Tingkatkan Ketakwaan Siswa, SMA Negeri 1 Rangkasbitung Gelar Pengajian Rutin

LEBAK,- Sekolah Menengah Atas Negeri 1 Rangkasbitung (SMANSA), Kabupaten Lebak setiap Jumat pagi menggelar pengajian rutin yang diikuti oleh seluruh keluarga besar SMANSA, mulai dari peserta didik, pendidik dan tenaga kependidikan serta dunia usaha yang ada di SMANSA.

“Kegiatan ini merupakan upaya untuk meningkatkan keimanan dan ketaqwaan kepada Tuhan Yang Maha Esa, yang merupakan implementasi Pendidikan Karakter,” kata kepala sekolah SMANSA Rangkasbitung, Iva Havidania kepada Orbit Banten, Jumat (22/3/2019).

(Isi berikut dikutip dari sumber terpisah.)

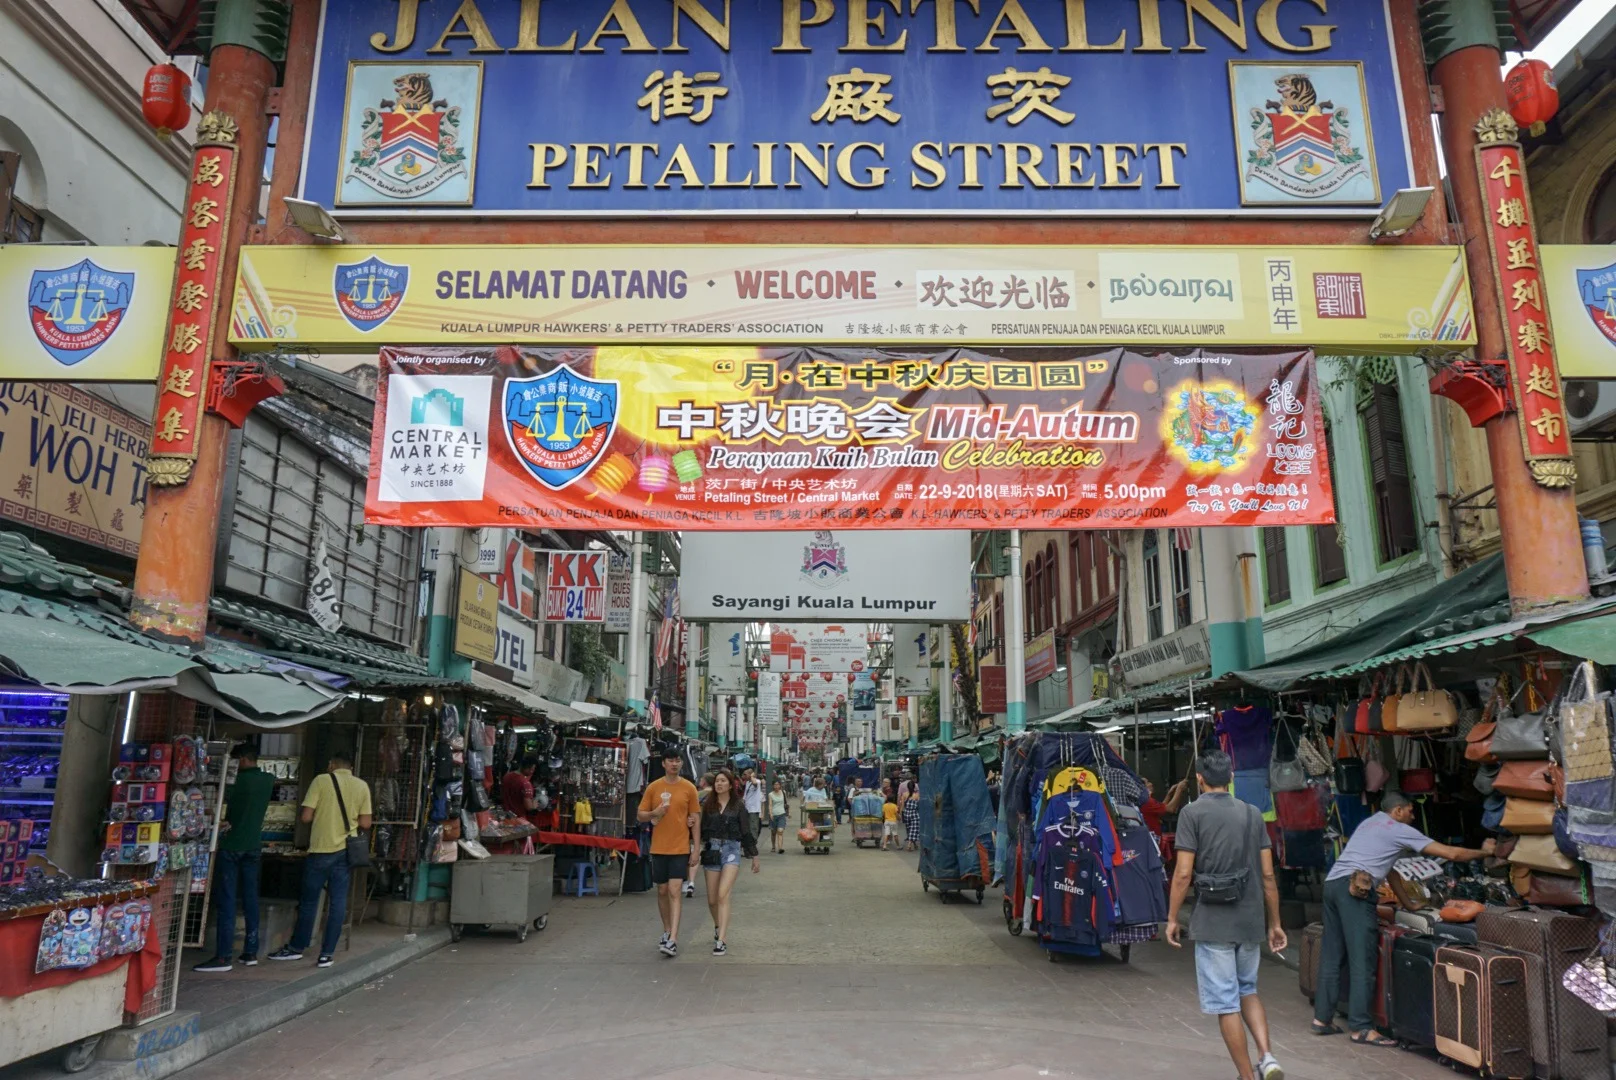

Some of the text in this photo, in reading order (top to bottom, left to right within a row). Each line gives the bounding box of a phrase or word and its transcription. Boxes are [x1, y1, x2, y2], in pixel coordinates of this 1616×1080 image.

[370, 0, 1338, 54] JALAN PETALING
[526, 141, 1187, 191] PETALING STREET
[355, 163, 461, 195] Dewan Bandaraya Kuala Lumpur
[1255, 163, 1361, 194] Dewan Bandaraya Kuala Lumpur
[436, 270, 1072, 310] SELAMAT DATANG WELCOME 欢迎光临
[1109, 273, 1234, 303] நல்வரவு
[1267, 260, 1298, 331] 丙申年
[49, 328, 101, 342] KUALA LUMPUR
[441, 323, 824, 333] KUALA LUMPUR HAWKERS' & PETTY TRADERS' ASSOCIATION
[991, 323, 1225, 335] PERSATUAN PENJAJA DAN PENIAGA KECIL KUALA LUMPUR
[59, 341, 79, 349] PETTY
[394, 356, 487, 366] Jointly organised by
[1174, 357, 1232, 366] Sponsored by
[658, 402, 912, 439] 中秋晚会
[929, 403, 1137, 441] Mid-Autum
[60, 404, 96, 435] JELI
[104, 424, 148, 460] HERB
[391, 429, 482, 445] CENTRAL
[390, 445, 482, 459] MARKET
[532, 443, 588, 461] KUALA LUMPUR
[544, 460, 567, 468] PETTY
[592, 431, 605, 451] ASSN.
[549, 442, 570, 450] 1953
[30, 416, 119, 496] WOH
[709, 446, 938, 471] Perayaan Kuih Bulan
[943, 440, 1103, 471] Celebration
[400, 462, 467, 476] 中央艺术坊
[410, 479, 454, 488] SINCE 1888
[705, 478, 757, 490] 茨厂街
[772, 478, 858, 491] 中央艺术坊
[705, 492, 751, 505] Petaling
[754, 492, 788, 503] Street
[797, 492, 838, 503] Central
[841, 491, 880, 502] Market
[1104, 483, 1167, 501] 5.00pm
[498, 505, 745, 521] PERSATUAN PENJAJA DAN PENIAGA KECIL K.L.
[993, 508, 1001, 519] &
[1003, 508, 1037, 519] PETTY
[1095, 507, 1168, 519] ASSOCIATION
[1187, 501, 1208, 513] Try
[1261, 500, 1285, 511] Love
[552, 553, 602, 587] KK
[613, 583, 630, 594] GUES
[547, 590, 604, 618] BUKA 24 JAM
[611, 597, 630, 608] HOUS
[712, 594, 937, 612] Sayangi Kuala Lumpur
[1054, 881, 1084, 895] Emirates
[1065, 877, 1075, 885] Fly
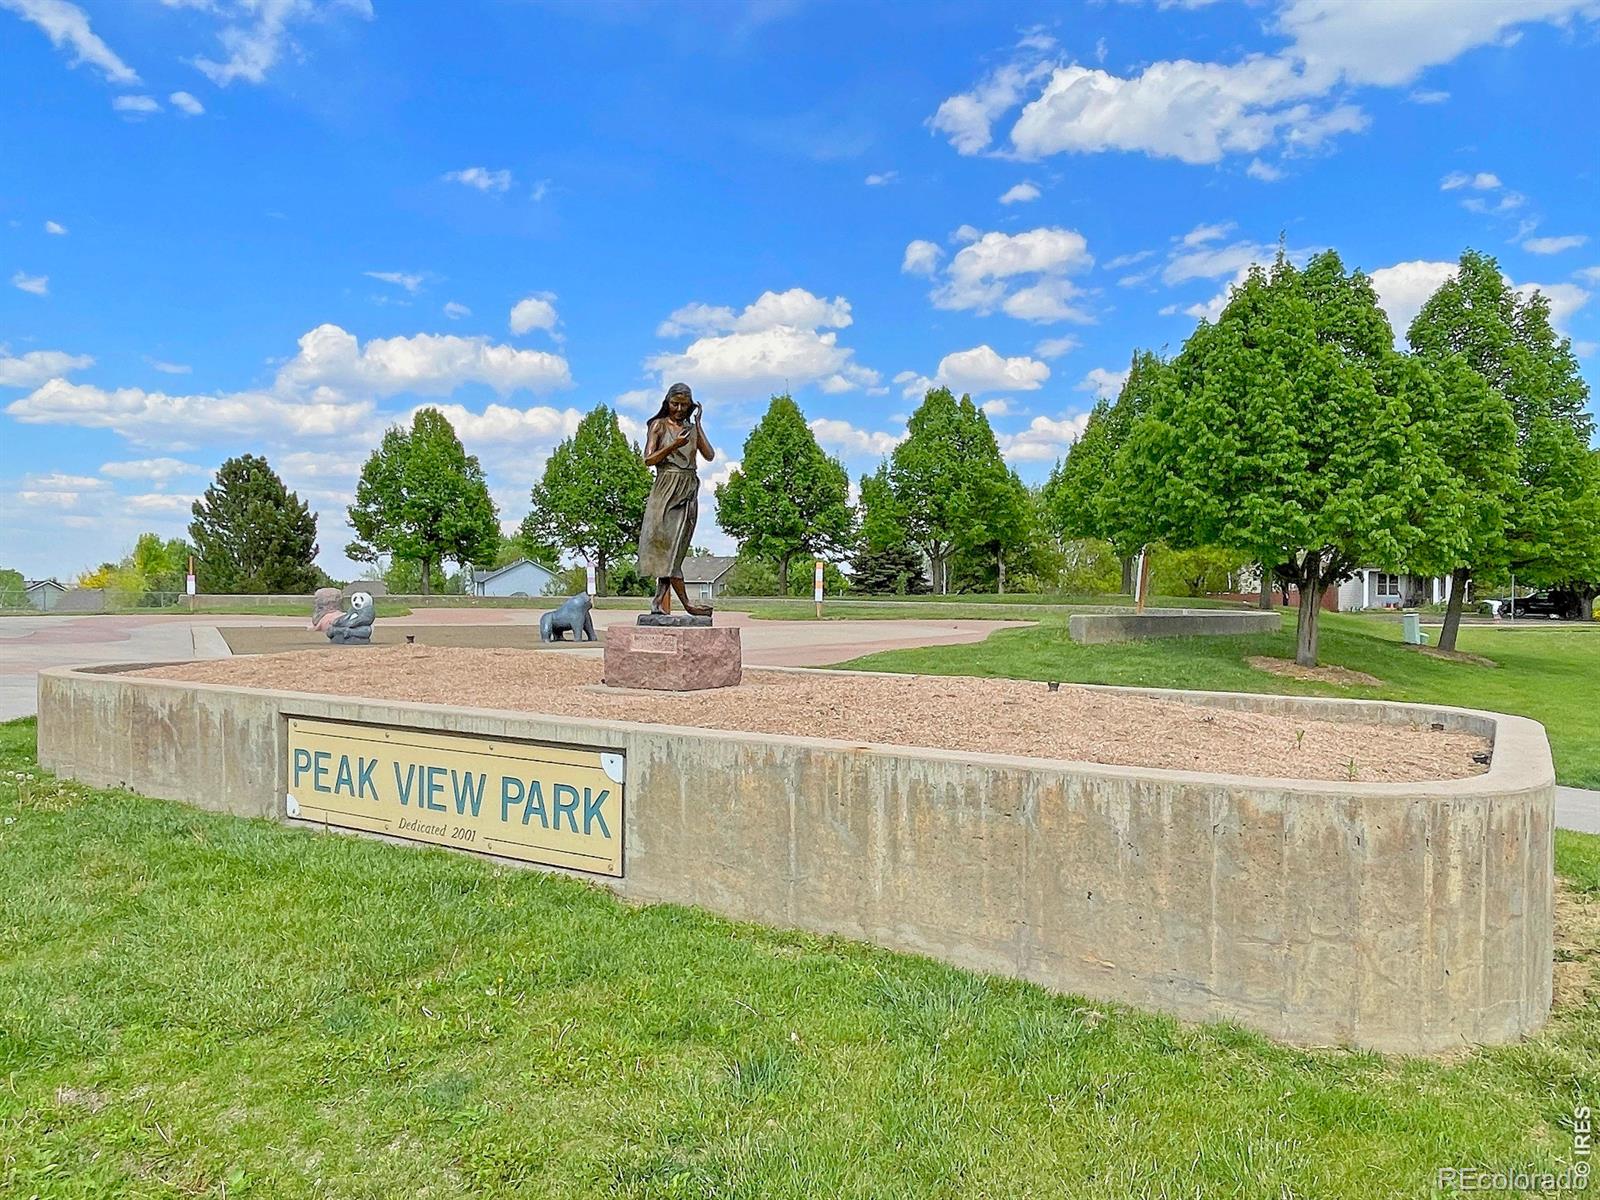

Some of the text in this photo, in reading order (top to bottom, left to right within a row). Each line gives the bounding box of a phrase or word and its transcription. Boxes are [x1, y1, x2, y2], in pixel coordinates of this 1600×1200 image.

[293, 748, 613, 839] PEAK VIEW PARK
[398, 817, 477, 842] Dedicated 2001

Pada kesempatan kali ini, kata Iva, tidak hanya pengajian rutin hari Jumat, tapi disekolah berwawasan religius ini juga memiliki program unggulan serupa yaitu G15M (Gerakan limabelas menit Mengaji) untuk meningkatkan iman dan taqwa serta penguatan karakter siswa.

Baca juga :
SMAN 1 Rangkasbitung Juara Jetrada 2019

“G15M ini dilaksankan sebelum kegiatan belajar berlangsung yang diikuti oleh semua komponen SMANSA. Mereka wajib mengikuti pengajian, membaca Al-Qur’an dan mengumpulkan ayat setiap hari. Serta khatam Quran bersama-sama,” ujarnya.

Selain itu, lanjut Iva, di SMANSA juga tersedia Pojok Saung Berbagi. Menurutnya, Pojok Saung tersebut merupakan tempat khusus untuk Ngumpul dalam upaya mewujudkan rasa kebersamaan melalui program sekolah yang diberi nama Gerakan SMANSA Berbagi (GSB).

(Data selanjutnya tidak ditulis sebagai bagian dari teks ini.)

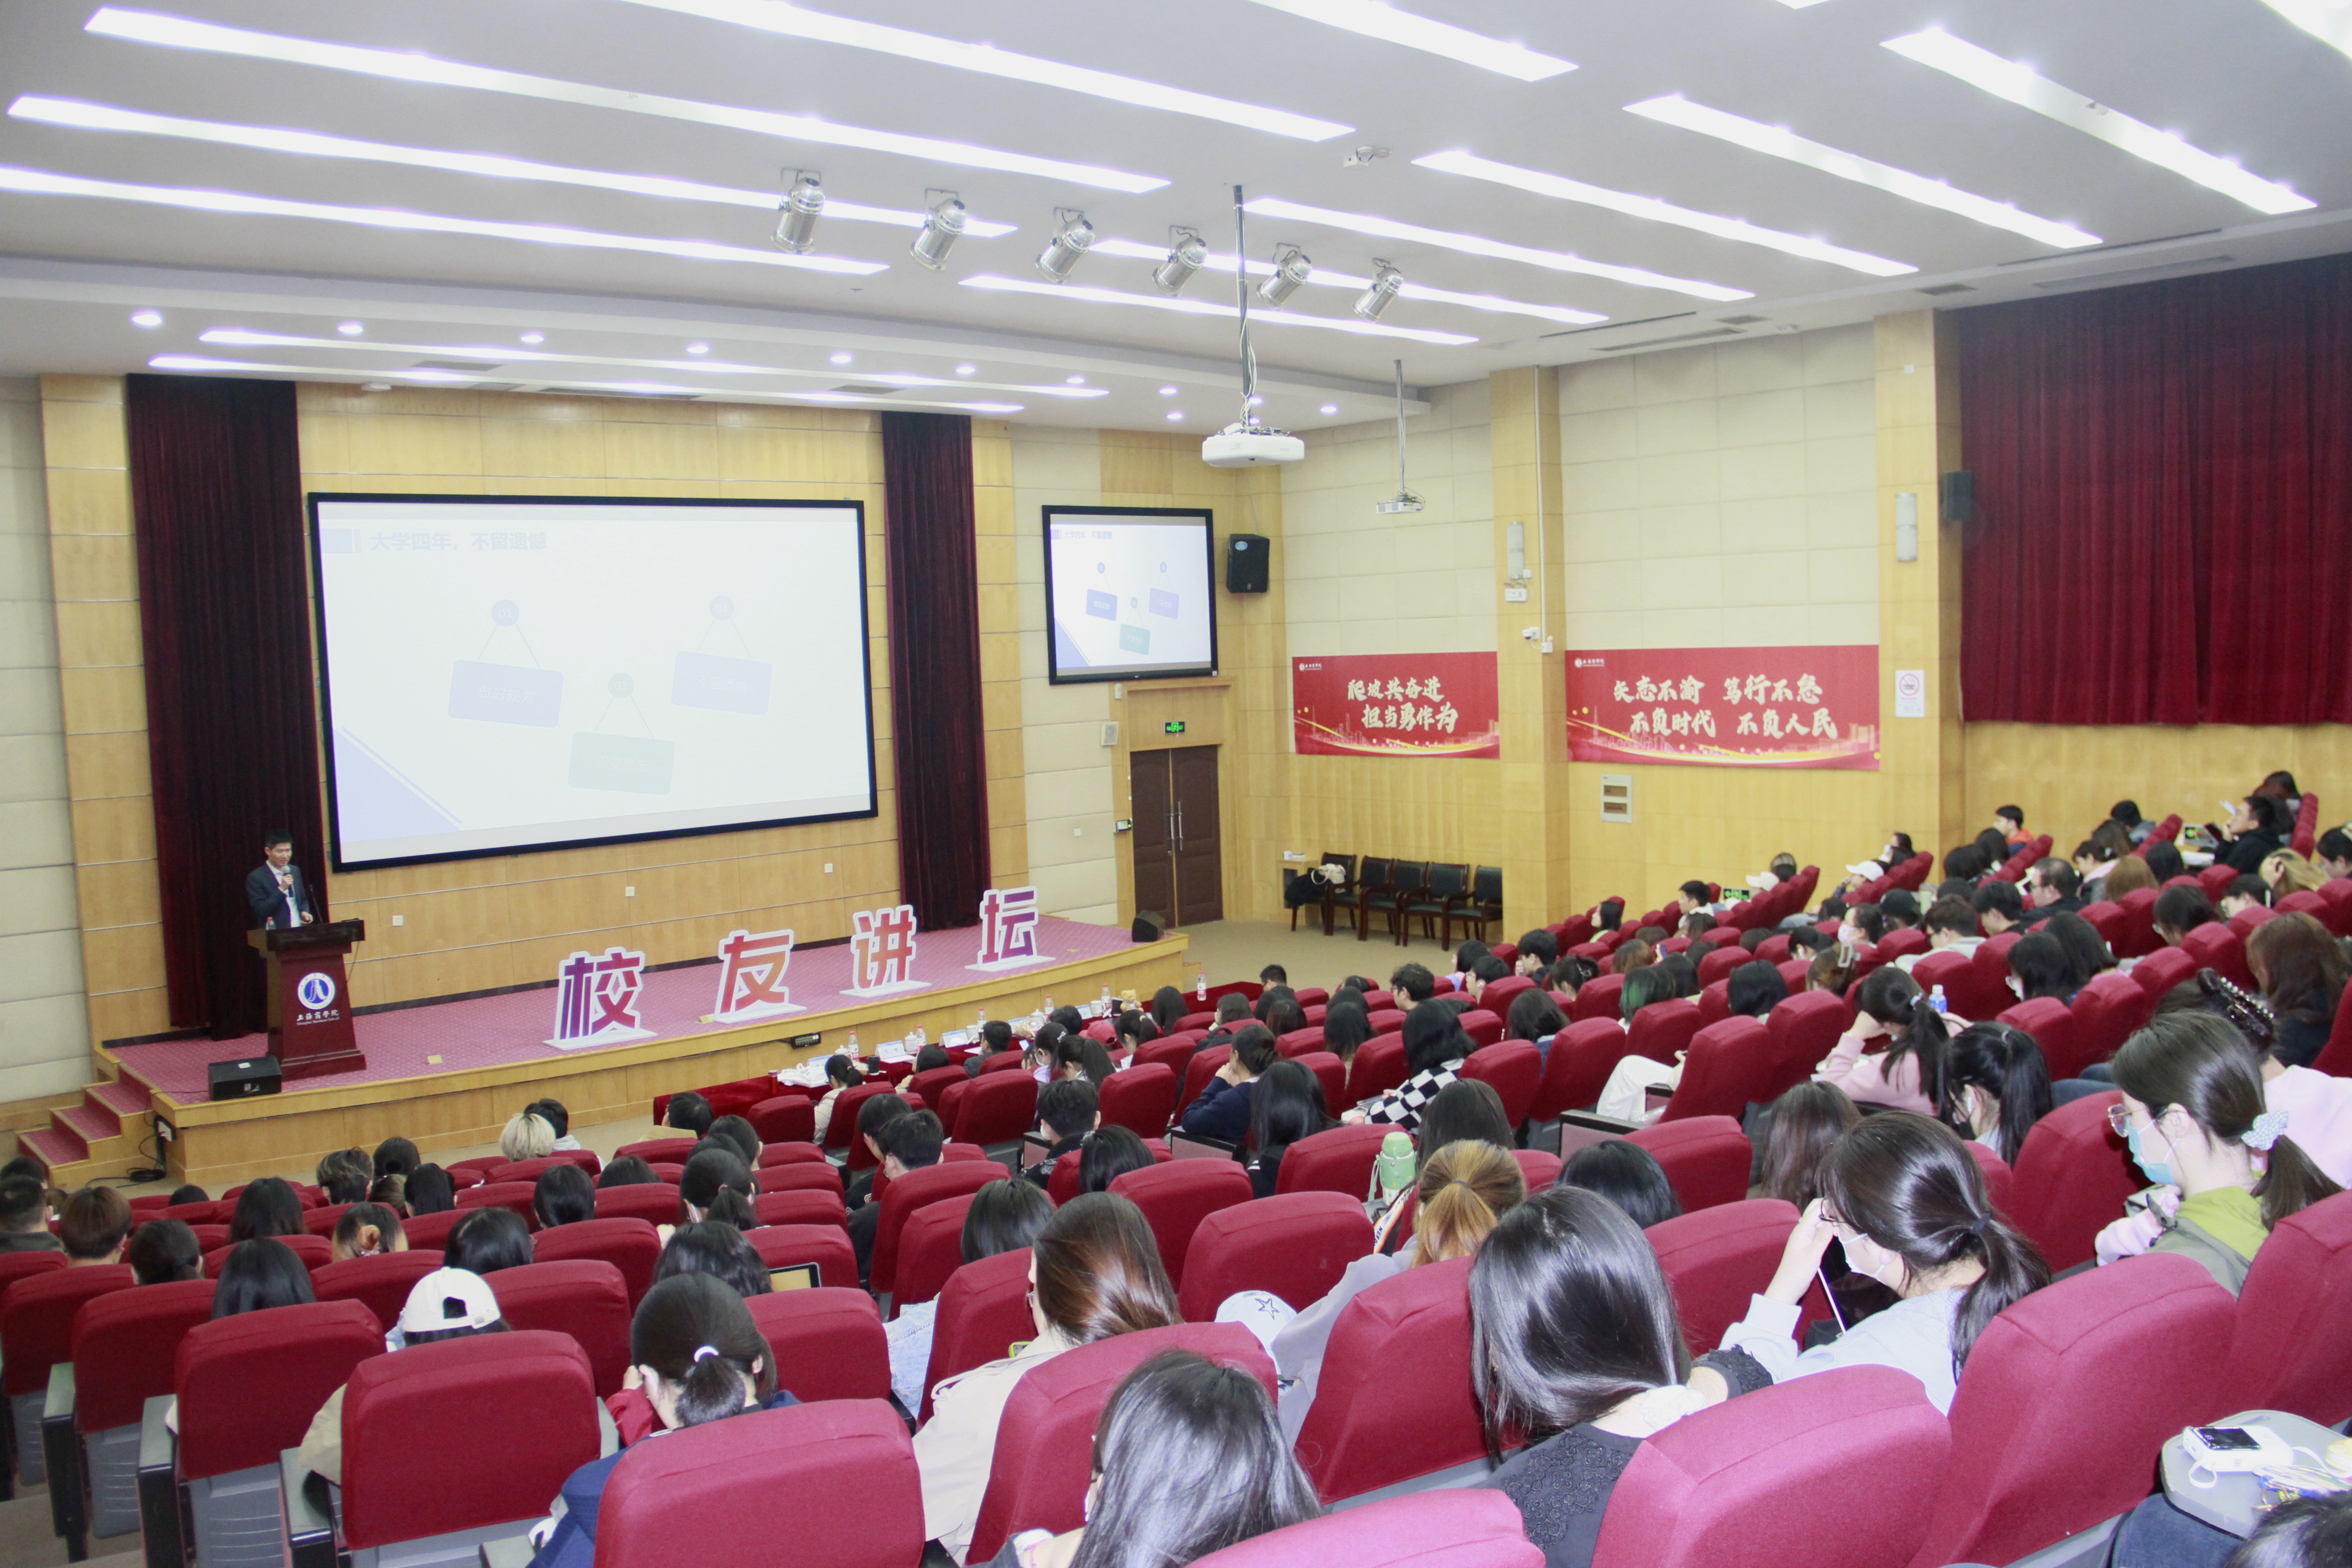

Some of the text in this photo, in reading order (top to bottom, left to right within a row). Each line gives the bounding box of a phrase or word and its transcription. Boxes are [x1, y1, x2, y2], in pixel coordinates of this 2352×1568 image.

[498, 609, 513, 619] 01
[479, 686, 536, 704] 做好规划
[614, 681, 627, 691] 02
[1348, 676, 1445, 702] 爬坡共奋进
[1613, 673, 1823, 705] 矢志不渝 笃行不怠
[1361, 701, 1459, 734] 担当勇作为
[1629, 707, 1838, 740] 不负时代 不负人民
[558, 887, 1037, 1041] 校友讲坛

“Di pojok itu disiapkan tempat untuk menyimpan makanan dan minuman, dari dan untuk dinikmati oleh siapa saja yang mau memberi dan menerima dengan lkhlas,” terang Iva.

Sementara itu, Kepala KCD Lebak, Propinsi Banten, Sirojudin didampingi Kasubag TU, Gugum, dan Pengawas Bina SMA, Suwandi, mengatakan, pihaknya sangat mengapresiasi kegiatan yang dilaksanakan oleh SMANSA Rangkasbitung.

Kegiatan tersebut, kata Sirojudin, diharapkan dapat meningkatkan keimanan dan ketakwaan para siswa. Sehingga para siswa selain memiliki kepintaran secara akademik juga memiliki akhlak yang mulia.

“Semoga kegiatan pengajian rutin ini bisa menjadikan para peserta didik lebih mengerti dan memahami kajian-kajian keislaman. Dengan demikian akhlak para peserta didik juga akan lebih santun dan lebih religi,” tukasnya. (Deni).